Several experimental studies have shown that decisions are affected by the weather. Hirshleifer and Shumway (2003) reported that daily hours of sunshine were positively correlated with returns in the stock market. Simonsohn (2007) examined university admission decisions and found that applicants’ academic attributes were weighted more heavily on cloudier days while non-academic attributes were weighted more heavily on sunnier days. Simonsohn (2010) also reported that cloudiness increased the appeal of academic activities.
Research has also shown that human social relationships are influenced by sunshine. Cunningham (1979) found that participants approached by an interviewer to participate in a survey were less reluctant to comply on sunnier days than on cloudier days. In a second experiment by the same author, it was found that the outdoor amount of sunlight could predict the gratuity that restaurant customers left to a waitress (r = .12). However, Flynn and Greenberg (2010), using a very large sample size (11,766 observations compared to 130 in Cunningham’s study), failed to observe a weather effect on tipping. Research has also shown that expectations about the weather are associated with variation in social behaviors. Rind (1996) conducted an experiment in a hotel room without windows, where a male server delivered food and drinks to the guests’ rooms and reported the weather conditions to the guests. When the server entered the rooms, if he was asked about the weather, he reported the actual sky condition as either sunny, partly sunny, cloudy, or rainy. It was found that better tips were left when the server mentioned pleasant weather conditions (r = .14).
Overall, these studies show that changes in weather conditions are associated with variations in human behavior. To explain this relationship, scientists argued that sunshine activates positive emotions and good mood which, in turn, influence behavior. Indeed, research has indicated that sunshine is clearly associated with a positive mood (Cunningham, 1979; Keller, Fredrickson, Ybarra, Côté, Johnson, Mikels, et al., 2005; Denissen, Butalid, Penke, & van Aken, 2008), and several studies have shown that a positive mood facilitates social relationships and helping behavior (Harris & Smith, 1975; Weyant, 1978; Bizman, Yinin, Ronco, & Schachar, 1980; Job, 1987; Forgas, 1997; Rind, 1997; Forgas, 1998).

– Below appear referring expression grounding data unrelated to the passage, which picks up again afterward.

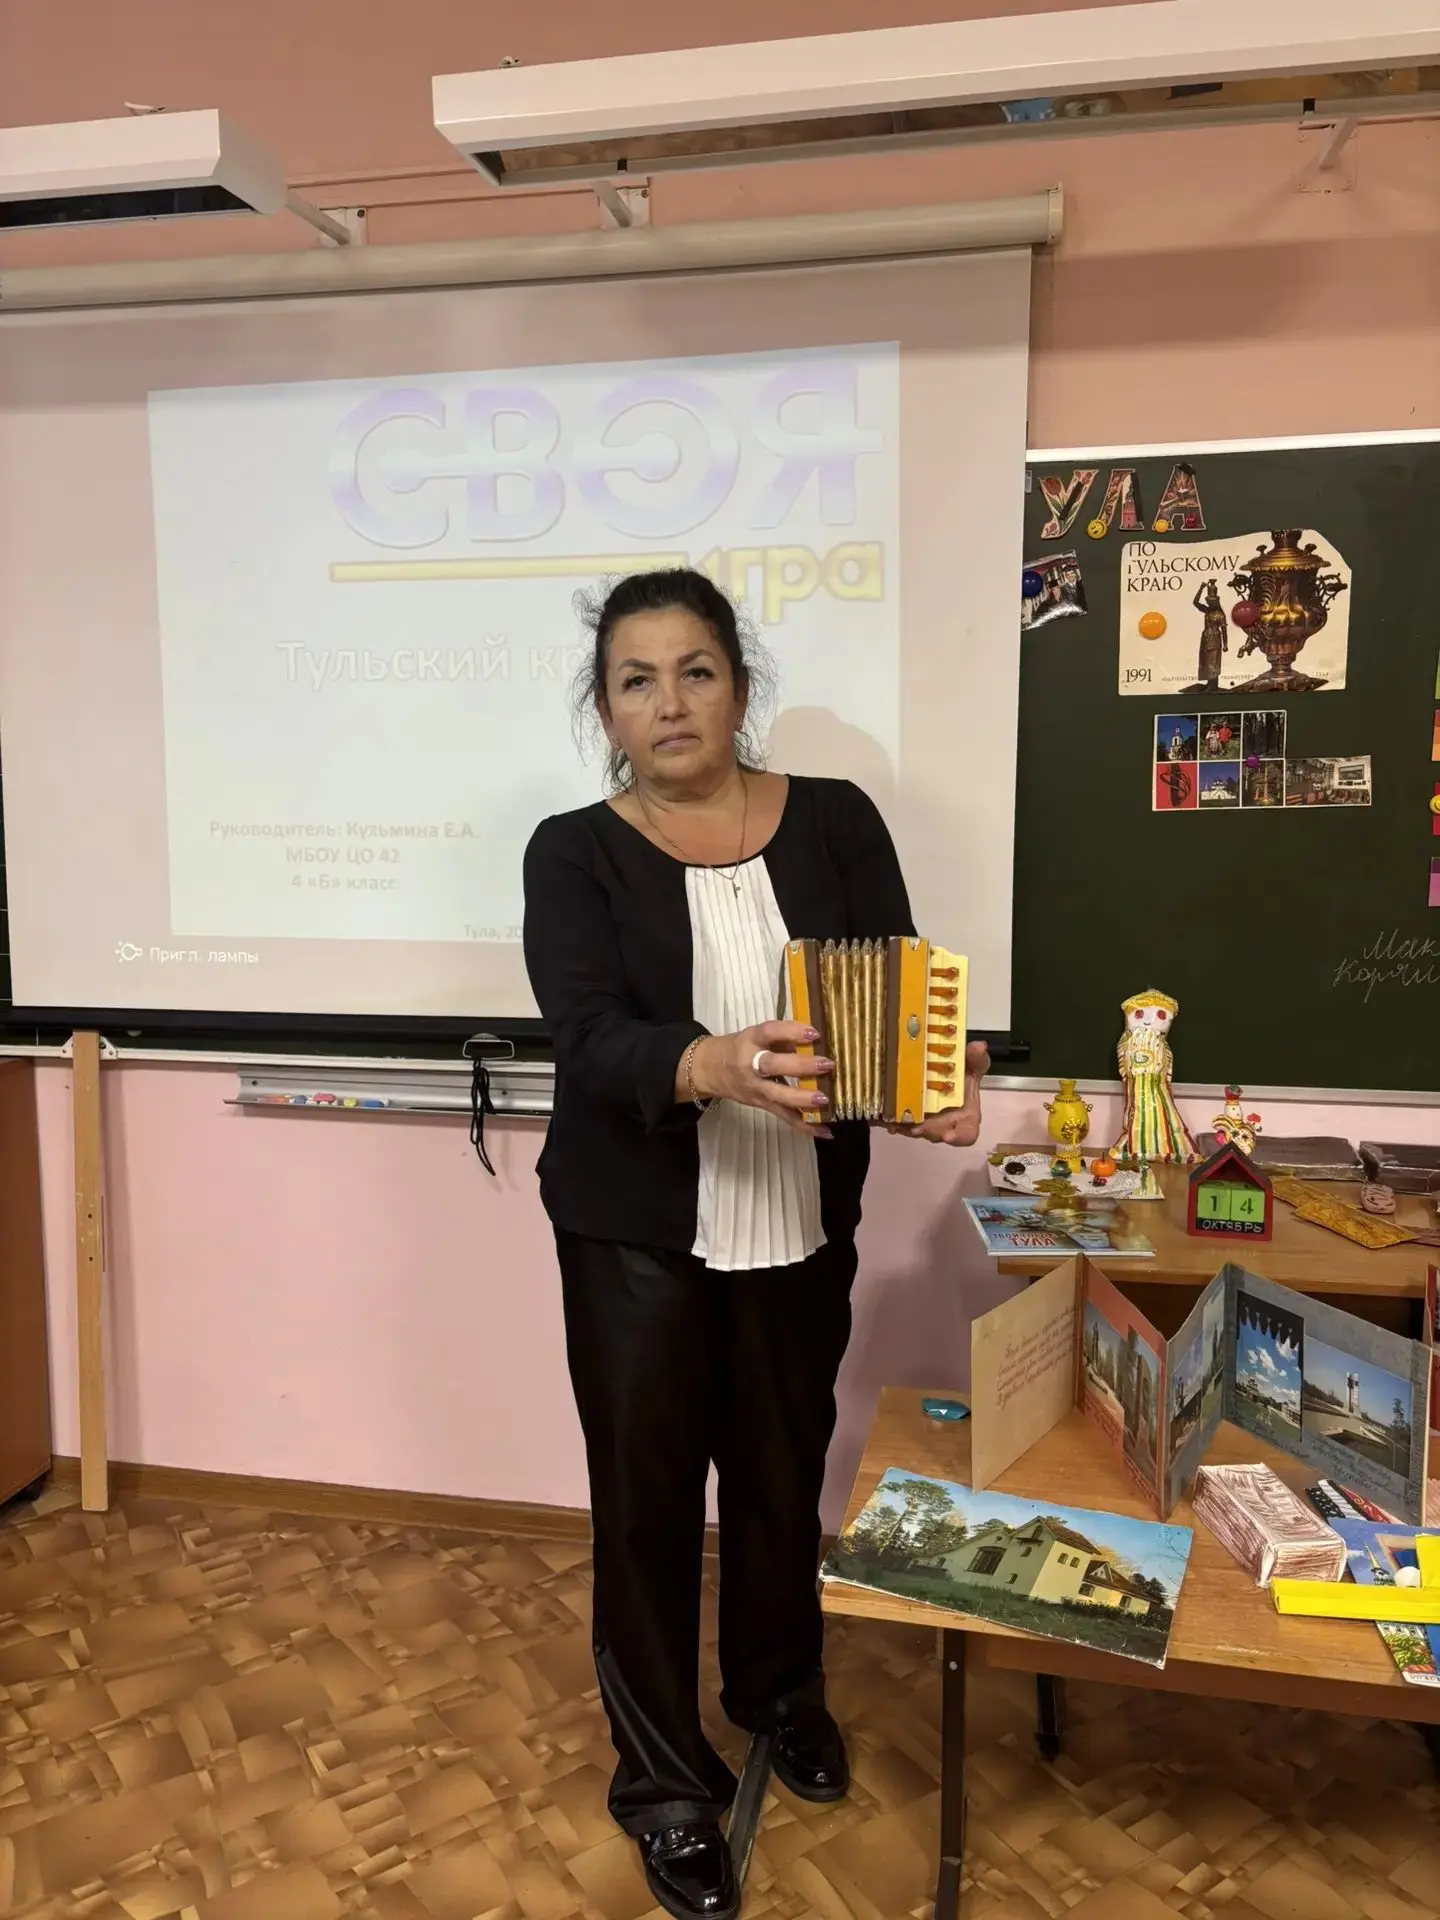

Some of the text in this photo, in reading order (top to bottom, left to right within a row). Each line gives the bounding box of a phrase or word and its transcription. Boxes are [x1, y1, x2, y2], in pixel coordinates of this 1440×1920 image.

[1026, 463, 1206, 540] УЛА
[1129, 542, 1156, 557] ПО
[1127, 576, 1183, 592] КРАЮ
[276, 634, 590, 692] Тульский кр
[1125, 668, 1152, 683] 1991
[210, 820, 481, 840] Руководитель: Кузьмина Е.А.
[286, 846, 402, 866] МБОУ ЦО 42
[291, 873, 397, 890] 4 «Б» класс
[464, 924, 524, 940] Тула, 20
[150, 946, 259, 964] Пригл. лампы
[1202, 1219, 1262, 1233] ОКТЯБРЬ
[1011, 1237, 1057, 1247] ТУЛА

To expand on a previous study of the effect of sunshine on spontaneous helping behaviors, the present study assessed the case of hitchhiking. Firstly, previous research examining the effect of weather conditions on helping behavior suffered from methodological biases. In Rind’s (1996) study, participants were simply informed about the weather condition; they could not see the sky. In Cunningham’s (1979) study, the data were measured in different seasons and with a varied range of external factors such as temperature and humidity. Thus, examining the effect of the weather on people’s behavior in a more natural setting and with more controlled conditions was necessary. Secondly, the effect of environmental conditions on hitchhiking has never been examined. Hitchhiking appears to constitute a good situation to examine various factors associated with helping behaviors. Previous research on hitchhiking showed that motorists’ behavior is influenced by the hitchhiker’s physical appearance (Morgan, Lockard, Fahrenbruch, & Smith, 1975; Guéguen, 2007), clothing (Crassweller, Gordon, & Tedford, 1972; Guéguen, 2012), or nonverbal behavior (Guéguen & Fischer-Lokou, 2004). The effects of environmental factors on the drivers’ response, however, has not been examined. Considering the evidence of the positive effects of sunshine on social relationships, the following hypotheses were formulated.
Hypothesis 1. A higher percentage of drivers will stop and offer a ride to a hitchhiker on sunny days than on cloudy days.

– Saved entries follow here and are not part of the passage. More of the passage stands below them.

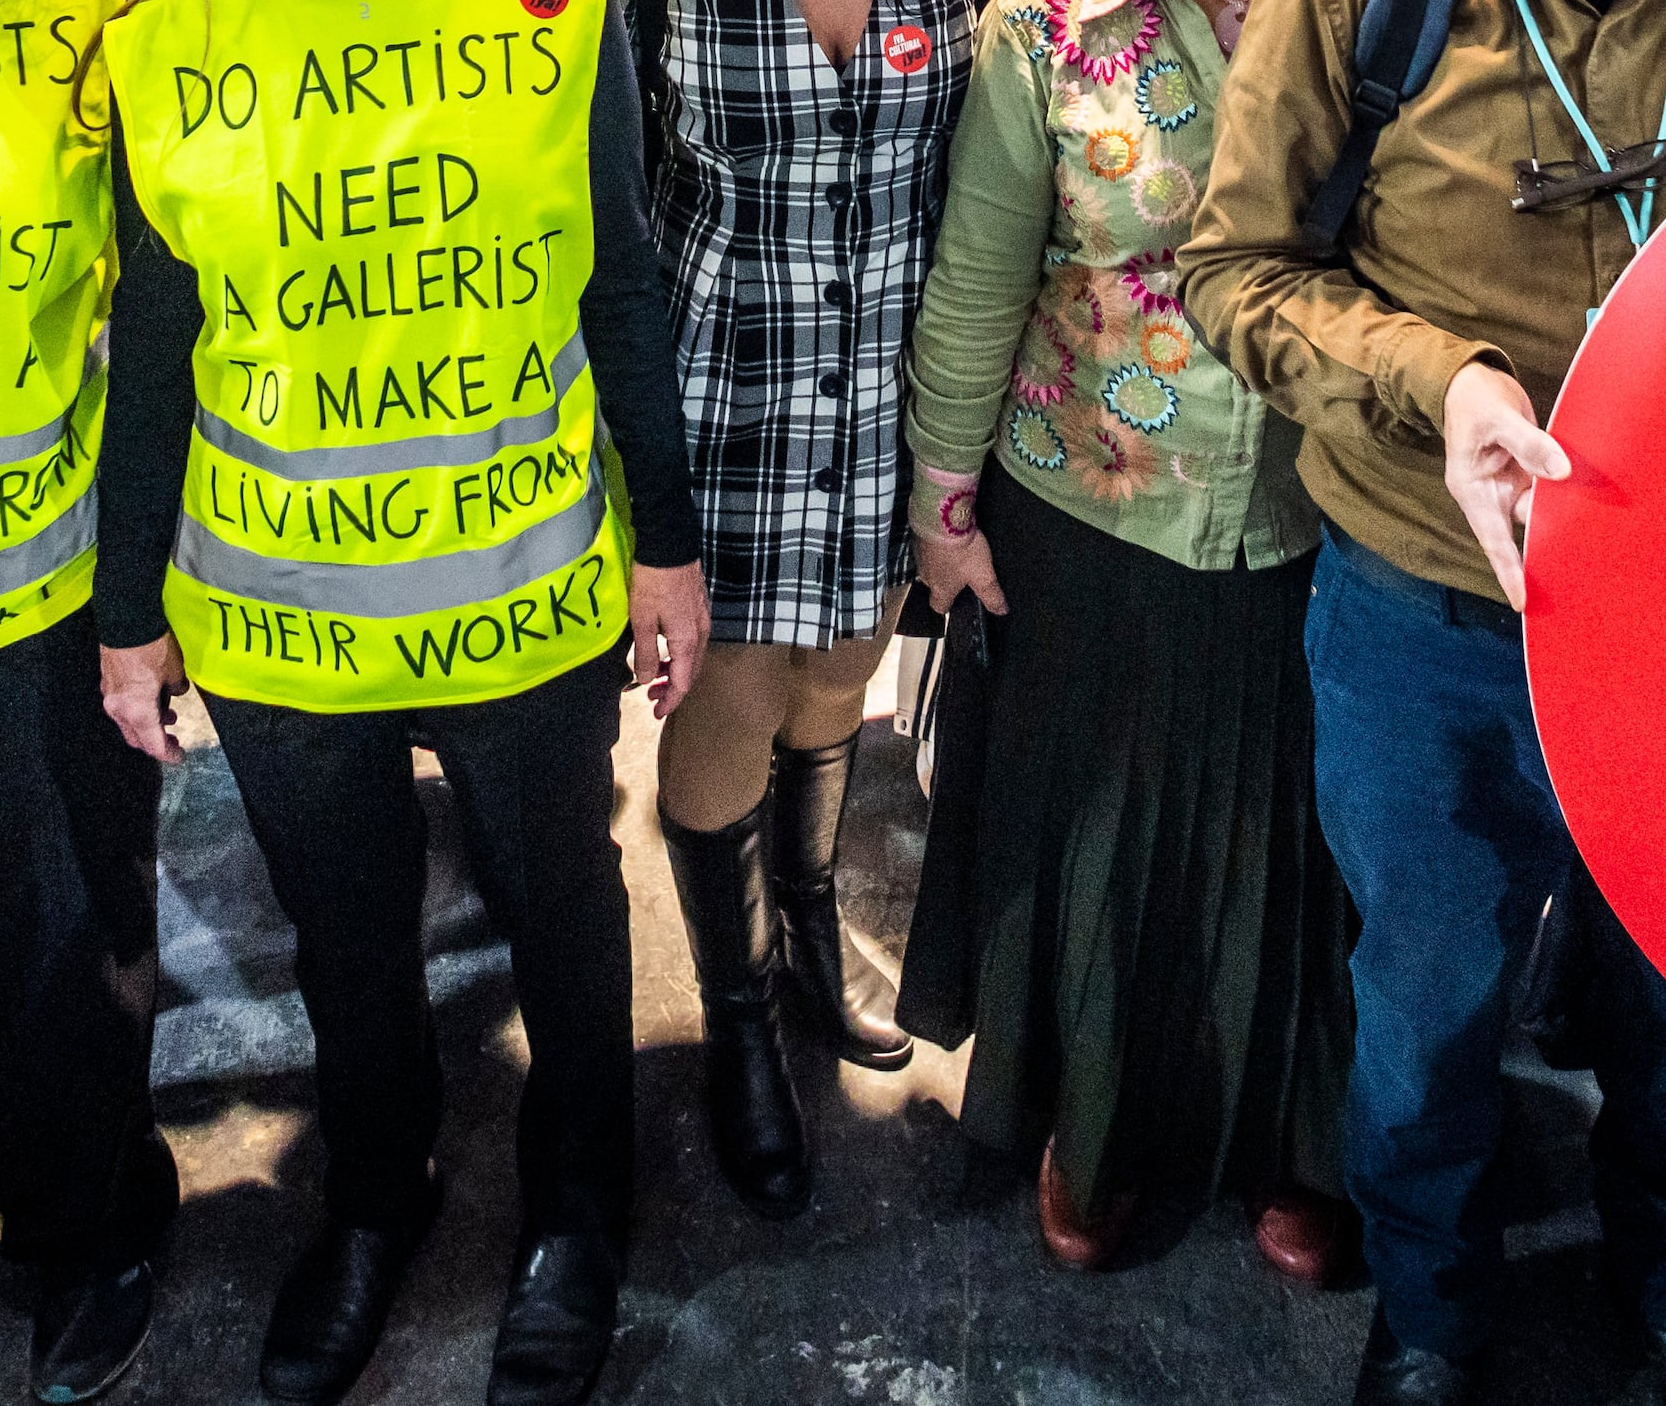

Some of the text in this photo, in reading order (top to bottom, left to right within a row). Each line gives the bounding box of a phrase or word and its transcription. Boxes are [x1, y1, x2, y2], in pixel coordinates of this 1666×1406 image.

[888, 37, 922, 58] CULTURAL
[893, 33, 906, 45] IVA
[174, 61, 258, 139] DO
[275, 152, 480, 247] NEED
[224, 273, 257, 332] A
[228, 340, 552, 429] TO MAKE A
[454, 441, 583, 536] FROM
[395, 552, 605, 679] WORK?

Hypothesis 2. The drivers’ gender will not interact with the effect of sunshine: there will be no significant difference between male and female drivers regarding their inclination to offer more rides to a hitchhiker on sunny days than on cloudy days.

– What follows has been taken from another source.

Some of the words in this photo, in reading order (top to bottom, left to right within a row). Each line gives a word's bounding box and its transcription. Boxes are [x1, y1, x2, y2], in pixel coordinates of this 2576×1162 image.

Hypothesis 3. The hitchhikers’ gender will not interact with the sunshine effect: there will be no significant difference between male and female hitchhikers regarding receiving more rides on sunny days than on cloudy days.
This experiment was approved by the ethical committee of the laboratory (CRPCC-LESTIC EA 1285). The confederates who volunteered to participate in the study received neither payment nor course credit for their participation. They were not aware of the goals of the experiment and were not given any information about previous studies on the effect of sunshine or on factors affecting drivers’ behavior. They were simply told that the objective of the experiment was to survey the number of drivers in the area who stopped to offer a ride to a hitchhiker.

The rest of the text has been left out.